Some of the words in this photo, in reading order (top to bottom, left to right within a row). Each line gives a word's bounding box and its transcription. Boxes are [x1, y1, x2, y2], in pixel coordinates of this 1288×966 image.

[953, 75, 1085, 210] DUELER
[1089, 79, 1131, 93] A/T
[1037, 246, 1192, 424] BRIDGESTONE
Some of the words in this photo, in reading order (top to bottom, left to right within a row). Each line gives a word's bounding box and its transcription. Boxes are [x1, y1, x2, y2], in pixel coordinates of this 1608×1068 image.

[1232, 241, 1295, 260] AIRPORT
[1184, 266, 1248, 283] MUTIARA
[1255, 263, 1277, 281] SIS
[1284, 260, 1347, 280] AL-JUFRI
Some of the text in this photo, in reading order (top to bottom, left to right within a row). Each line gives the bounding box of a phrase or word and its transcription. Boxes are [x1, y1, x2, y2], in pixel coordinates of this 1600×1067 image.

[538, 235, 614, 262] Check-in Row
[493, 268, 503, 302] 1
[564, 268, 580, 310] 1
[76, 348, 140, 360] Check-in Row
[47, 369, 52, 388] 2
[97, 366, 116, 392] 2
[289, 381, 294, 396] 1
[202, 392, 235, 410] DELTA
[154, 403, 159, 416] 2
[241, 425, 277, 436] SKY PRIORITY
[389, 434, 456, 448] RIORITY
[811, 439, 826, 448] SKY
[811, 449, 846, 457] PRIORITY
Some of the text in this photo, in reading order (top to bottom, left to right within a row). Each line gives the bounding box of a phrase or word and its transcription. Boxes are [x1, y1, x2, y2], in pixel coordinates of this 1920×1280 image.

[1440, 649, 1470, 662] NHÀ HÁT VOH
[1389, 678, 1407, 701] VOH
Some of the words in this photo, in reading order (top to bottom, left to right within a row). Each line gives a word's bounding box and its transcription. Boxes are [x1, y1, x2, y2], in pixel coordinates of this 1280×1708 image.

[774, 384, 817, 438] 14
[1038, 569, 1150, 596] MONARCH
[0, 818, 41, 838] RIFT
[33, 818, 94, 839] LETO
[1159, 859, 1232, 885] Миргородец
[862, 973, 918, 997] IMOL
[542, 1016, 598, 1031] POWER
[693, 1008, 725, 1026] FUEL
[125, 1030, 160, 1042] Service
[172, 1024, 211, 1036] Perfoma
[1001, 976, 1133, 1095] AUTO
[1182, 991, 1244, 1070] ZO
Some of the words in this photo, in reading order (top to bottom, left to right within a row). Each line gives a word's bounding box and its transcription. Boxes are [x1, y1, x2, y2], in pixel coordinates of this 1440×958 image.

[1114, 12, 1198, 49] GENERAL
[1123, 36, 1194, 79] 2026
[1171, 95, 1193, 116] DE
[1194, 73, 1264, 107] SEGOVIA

_ _ _

**Task to carry out**
Set every record down again exactly as written.

**Answer to this problem**
Some of the words in this photo, in reading order (top to bottom, left to right within a row). Each line gives a word's bounding box and its transcription. Boxes are [x1, y1, x2, y2], in pixel coordinates of this 1288×966 image.

[953, 75, 1085, 210] DUELER
[1089, 79, 1131, 93] A/T
[1037, 246, 1192, 424] BRIDGESTONE
Some of the words in this photo, in reading order (top to bottom, left to right within a row). Each line gives a word's bounding box and its transcription. Boxes are [x1, y1, x2, y2], in pixel coordinates of this 1608×1068 image.

[1232, 241, 1295, 260] AIRPORT
[1184, 266, 1248, 283] MUTIARA
[1255, 263, 1277, 281] SIS
[1284, 260, 1347, 280] AL-JUFRI
Some of the text in this photo, in reading order (top to bottom, left to right within a row). Each line gives the bounding box of a phrase or word and its transcription. Boxes are [x1, y1, x2, y2], in pixel coordinates of this 1600×1067 image.

[538, 235, 614, 262] Check-in Row
[493, 268, 503, 302] 1
[564, 268, 580, 310] 1
[76, 348, 140, 360] Check-in Row
[47, 369, 52, 388] 2
[97, 366, 116, 392] 2
[289, 381, 294, 396] 1
[202, 392, 235, 410] DELTA
[154, 403, 159, 416] 2
[241, 425, 277, 436] SKY PRIORITY
[389, 434, 456, 448] RIORITY
[811, 439, 826, 448] SKY
[811, 449, 846, 457] PRIORITY
Some of the text in this photo, in reading order (top to bottom, left to right within a row). Each line gives the bounding box of a phrase or word and its transcription. Boxes are [x1, y1, x2, y2], in pixel coordinates of this 1920×1280 image.

[1440, 649, 1470, 662] NHÀ HÁT VOH
[1389, 678, 1407, 701] VOH
Some of the words in this photo, in reading order (top to bottom, left to right within a row). Each line gives a word's bounding box and its transcription. Boxes are [x1, y1, x2, y2], in pixel coordinates of this 1280×1708 image.

[774, 384, 817, 438] 14
[1038, 569, 1150, 596] MONARCH
[0, 818, 41, 838] RIFT
[33, 818, 94, 839] LETO
[1159, 859, 1232, 885] Миргородец
[862, 973, 918, 997] IMOL
[542, 1016, 598, 1031] POWER
[693, 1008, 725, 1026] FUEL
[125, 1030, 160, 1042] Service
[172, 1024, 211, 1036] Perfoma
[1001, 976, 1133, 1095] AUTO
[1182, 991, 1244, 1070] ZO
Some of the words in this photo, in reading order (top to bottom, left to right within a row). Each line gives a word's bounding box and its transcription. Boxes are [x1, y1, x2, y2], in pixel coordinates of this 1440×958 image.

[1114, 12, 1198, 49] GENERAL
[1123, 36, 1194, 79] 2026
[1171, 95, 1193, 116] DE
[1194, 73, 1264, 107] SEGOVIA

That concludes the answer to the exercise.